如何在不替换Golang中前一行的情况下将最后一个sql行添加到列表中

This code delivers AFAIK correct JSON output [{},{}], but each row is appended and replaces all previous rows, so the result shows only copies of the last row.

var rows *sql.Rows
rows, err = db.Query(query)
cols, _ := rows.Columns()
colnames, _ := rows.Columns()
vals := make([]interface{}, len(cols))

for i, _ := range cols {
   vals[i] = &cols[i]
}

m := make(map[string]interface{})

for i, val := range vals {
  m[colnames[i]] = val
}

list := make([]map[string]interface{}, 0)
for rows.Next() {
err = rows.Scan(vals...)
   list = append(list, m)
}
json, _ := json.Marshal(list)
fmt.Fprintf(w,"%s
", json)

This is what happens behind the scenes looping through the rows:

loop 1: {“ID”:“1”,“NAME”: "John }

loop 2: {“ID”:“2”,“NAME”: “Jane Doe”}{“ID”:“2”,“NAME”: “Jane Doe”}

loop 3: {“ID”:“3”,“NAME”: “Donald Duck”}{“ID”:“3”,“NAME”: “Donald Duck”}{“ID”:“3”,“NAME”: “Donald Duck”}

The rows.Scan fetches the correct values, but it appends AND replaces all previous values.

The final output is this

[{“ID”:“3”,“NAME”: “Donald Duck”},{“ID”:“3”,“NAME”: “Donald Duck”},{“ID”:“3”,“NAME”: “Donald Duck”}]

But should be this:

[{“ID”:“1”,“NAME”: “John Doe”},{“ID”:“2”,“NAME”: “Jane Doe”},{“ID”:“3”,“NAME”: “Donald Duck”}]

What am I doing wrong?

You may downvote this, but please explain why. I am still a newbie on Golang and want to learn.

I fixed it and explained with comments what you did wrong:

// 1. Query
var rows *sql.Rows
rows, err = db.Query(query)
cols, _ := rows.Columns()

// 2. Iterate
list := make([]map[string]interface{}, 0)
for rows.Next() {
    vals := make([]interface{}, len(cols))
    for i, _ := range cols {
        // Previously you assigned vals[i] a pointer to a column name cols[i].
        // This meant that everytime you did rows.Scan(vals),
        // rows.Scan would see pointers to cols and modify them
        // Since cols are the same for all rows, they shouldn't be modified.
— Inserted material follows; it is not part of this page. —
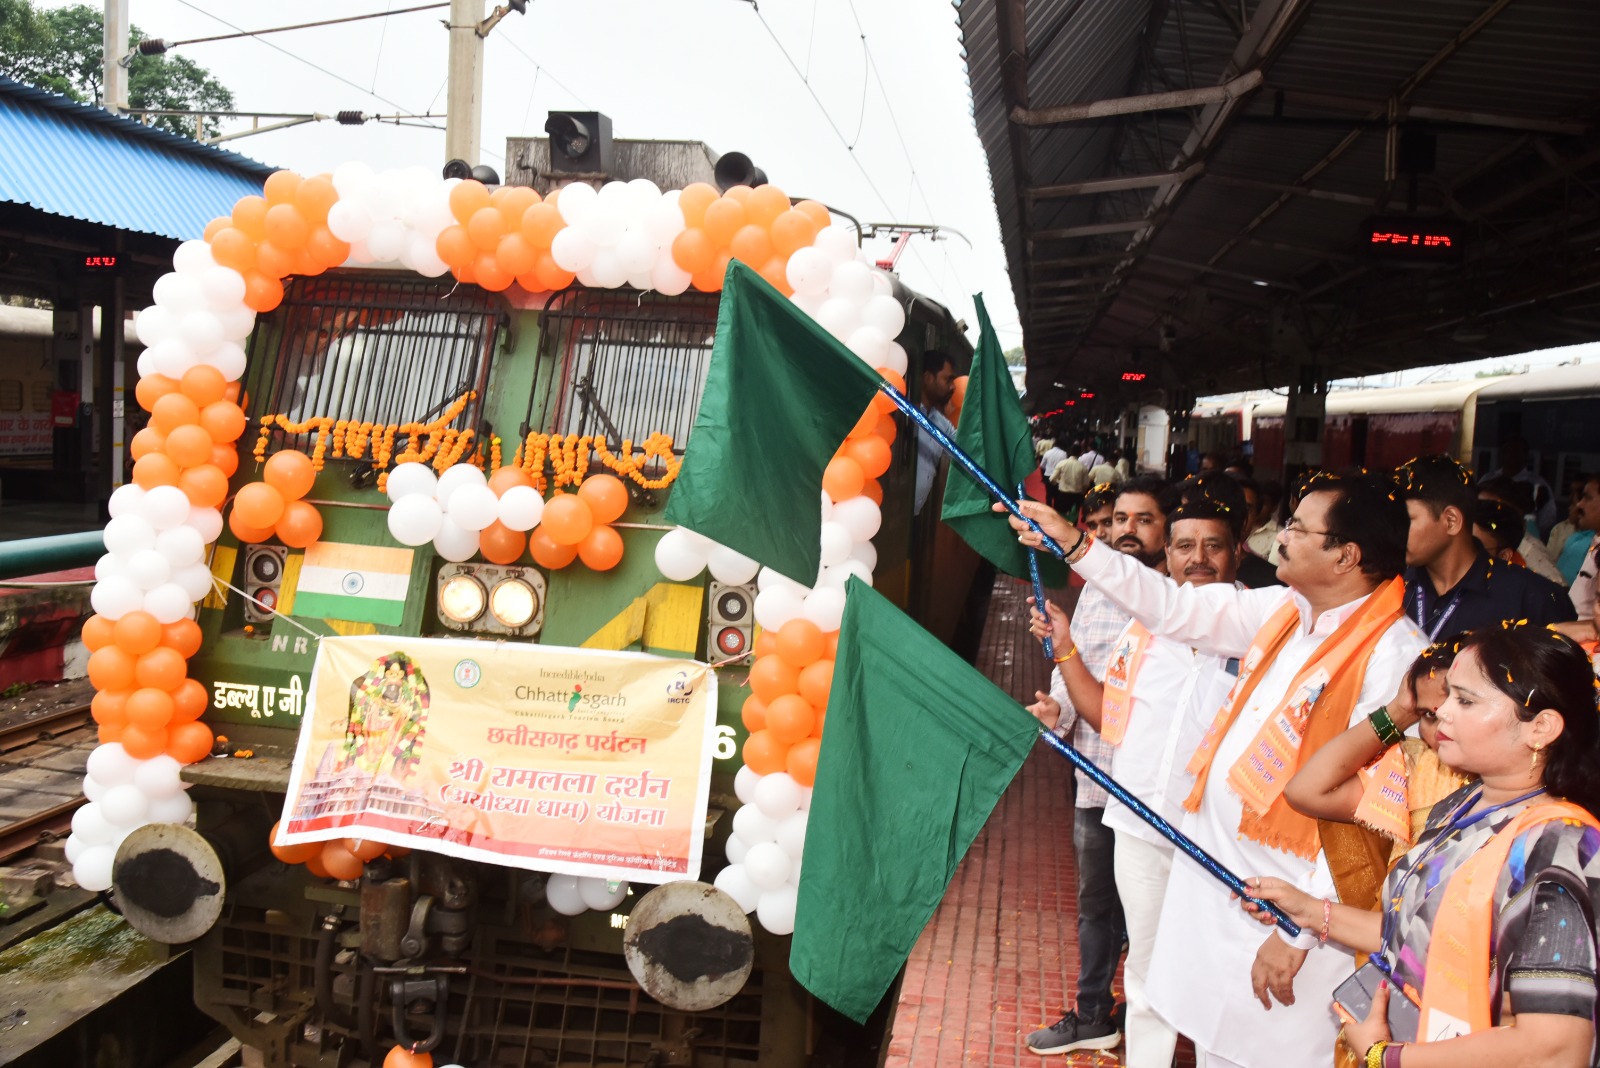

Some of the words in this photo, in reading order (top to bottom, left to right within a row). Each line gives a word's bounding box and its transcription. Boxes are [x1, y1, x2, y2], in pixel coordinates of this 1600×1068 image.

        // Here we assign a pointer to an empty string to vals[i],
        // so rows.Scan can fill it.
        var s string
        vals[i] = &s

        // This is effectively like saying:
        // var string1, string2 string
        // rows.Scan(&string1, &string2)
        // Except the above only scans two string columns
        // and we allow as many string columns as the query returned us — len(cols).
    }

    err = rows.Scan(vals...)

    // Don't forget to check errors.
    if err != nil {
        log.Fatal(err)
    }

    // Make a new map before appending it.
    // Remember maps aren't copied by value, so if we declared
    // the map m outside of the rows.Next() loop, we would be appending
    // and modifying the same map for each row, so all rows in list would look the same.
    m := make(map[string]interface{})
    for i, val := range vals {
        m[cols[i]] = val
    }
    list = append(list, m)
}

// 3. Print.
b, _ := json.MarshalIndent(list, "", "\t")
fmt.Printf("%s
", b)

Don't worry, this was hard for me to understand when I was a beginner as well.

Now, something fun:

var list []map[string]interface{}
rows, err := db.Queryx(query)
for rows.Next() {
    row := make(map[string]interface{})
    err = rows.MapScan(row)
    if err != nil {
      log.Fatal(err)
    }
    list = append(list, row)
}

b, _ := json.MarshalIndent(list, "", "\t")
fmt.Printf("%s
", b)

This does the same as the code above it, but with sqlx. A bit simpler, no?

sqlx is an extension on top of database/sql with methods to scan rows directly to maps and structs, so you don't have to do that manually.

I think your model looks nicer as a struct:

type Person struct {
    ID int
    Name string
}

var people []Person
rows, err := db.Queryx(query)
for rows.Next() {
    var p Person
    err = rows.StructScan(&p)
    if err != nil {
        log.Fatal(err)
    }
    people = append(people, p)
}

Don't you think?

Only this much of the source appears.